TASTE: Tell It to Spring Mountain

China Spice brings great Asian cuisine to Green Valley

Max Jacobson

Even for the Strip, China Spice would be considered hot as far as Chinese restaurants go. But here in Green Valley, this concept borders on incendiary.


Most of us who seek authenticity in an Asian restaurant are resigned to making the pilgrimage to West Spring Mountain Road, where most of these restaurants are located. So, a good Chinese restaurant in a neighborhood casino like Green Valley Ranch is a real plus, especially for those of us who live in ethnic restaurant-poor Henderson.


Ironically though, the newly opened P.F. Chang's adjacent to the casino is blowing China Spice away in terms of volume, and that's a pity because the casino restaurant offers a quietly attractive ambience and great bang for the buck. The food is excellent, prepared by a team of Asian chefs, a few of whom defected from the hugely upscale Pearl in the MGM Grand, along with the restaurant's likable general manager, Tony Lee, a real pro.


This is a handsome place, adorned with a parquet floor, backlit wooden shelves housing colorful Chinese pottery, lots of stonework, and bulbous chandeliers that glow a soft yellow, giving the room a deco-style aura. Waiters are clad in black, and peering into the kitchen, I was able to see a team of young Asian chefs madly wokking away, baseball caps on backward.


The menu hits a lot of right notes, and the few wrong ones are easily avoided once the general theme becomes clear. Minced chicken with crystal lettuce wrap is a dish you also can get at P.F. Chang's, but here the kitchen uses pine nuts, expensive but a mandatory component of the dish in Asia, whereas their rivals do not.


Salt-and-pepper squid is another good starter, although the batter is puffy like Japanese tempura, and the additions of fresh, minced red chili and scallions add a dimension to the dish that may make it too incendiary for some people.


I've always wondered what happened to the crab in crab Rangoon, a dish invented by Trader Vic's but ruined by Panda Express, where they took out the crab. Well, it's baaaack. China Spice uses lots of crab meat in the filling, which is based on a cream-cheese spread, and the wontons have such a nice crunch that I won't say too much about this being a completely Western dish.


Pan-fried pot stickers are completely fine, served with a hot ginger-soy dipping sauce, and moo shu pork is a steal at $5.95: four scallion pancakes into which the server spoons a mixture of wok-charred veggies laced with diced pork and a dash of hoisin sauce, a thick, pungent plum sauce that gives the dish a nice roundness.


Greater bargains lurk. This has to be the only place in the Valley that sells real Peking duck, air-dried, crisp-skinned, gorgeously lacquered duck, for only $12.95 a half order ($24.95 whole).

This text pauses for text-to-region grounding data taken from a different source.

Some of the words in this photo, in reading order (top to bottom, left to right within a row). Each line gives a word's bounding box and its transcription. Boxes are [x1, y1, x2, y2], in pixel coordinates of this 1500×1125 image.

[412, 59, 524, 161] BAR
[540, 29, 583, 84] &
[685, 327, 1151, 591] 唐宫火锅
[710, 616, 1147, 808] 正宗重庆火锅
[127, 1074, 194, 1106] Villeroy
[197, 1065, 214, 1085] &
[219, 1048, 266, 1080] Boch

And it is done right. The servers bring the bird to the table uncut, cut the skin and meat off in the kitchen, and serve it in pancakes with the carcass left to pick over. I've had $50 Peking duck on the Strip presented and then served in buns or pancakes, only to be told that the rest of the duck had been thrown away. Yeah, right.

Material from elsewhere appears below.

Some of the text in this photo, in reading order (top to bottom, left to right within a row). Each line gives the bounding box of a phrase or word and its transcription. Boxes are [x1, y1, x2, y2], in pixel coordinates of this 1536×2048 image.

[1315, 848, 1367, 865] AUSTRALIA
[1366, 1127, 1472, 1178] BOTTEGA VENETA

Just for fun, I ordered the Chinese-American classic, egg foo yung, sort of an omelet drenched in unspeakable brown gravy. In actuality, it was the shrimp egg foo yung, and to my surprise, after I had scraped off the gravy, the eggs tasted pretty good on top of steamed white rice.


There were no such problems with either the Yang Chow fried rice, made with a combination of barbecued pork and shrimp; or beef chow fun noodles, flat rice noodles sautéed with bean sprouts, black beans, chunks of onion and big slabs of tender beef. Both dishes were equal to what you get on Spring Mountain Road, and at a similar price.


The menu's vegetable section features good, tasty stir-fries, such as stir-fried asparagus, stir-fried long beans in XO sauce (a dried scallop-based pungent sauce), and for only $4.95, a dish of pan-fried garlic spinach that would have made Popeye leap for joy. There also is an oily version of Szechuan eggplant, a boring snow pea and canned water chestnut combo; and the dreaded mapo tofu, a spicy, home-style version of the hated and feared bean curd. (I like tofu, so there.)


One thing China Spice has which I can assure you will not be found across town are snazzy desserts: a sumptuous molten chocolate cake with a raspberry truffle center; chilled, refreshing stewed litchi fruits with tangerine sorbet; and a Tahitian vanilla-bean ice cream astride a pile of tempura-battered bananas doused in cinnamon-caramel sauce.


Considering gasoline prices these days, it may be awhile before Chinatown is a viable option for me.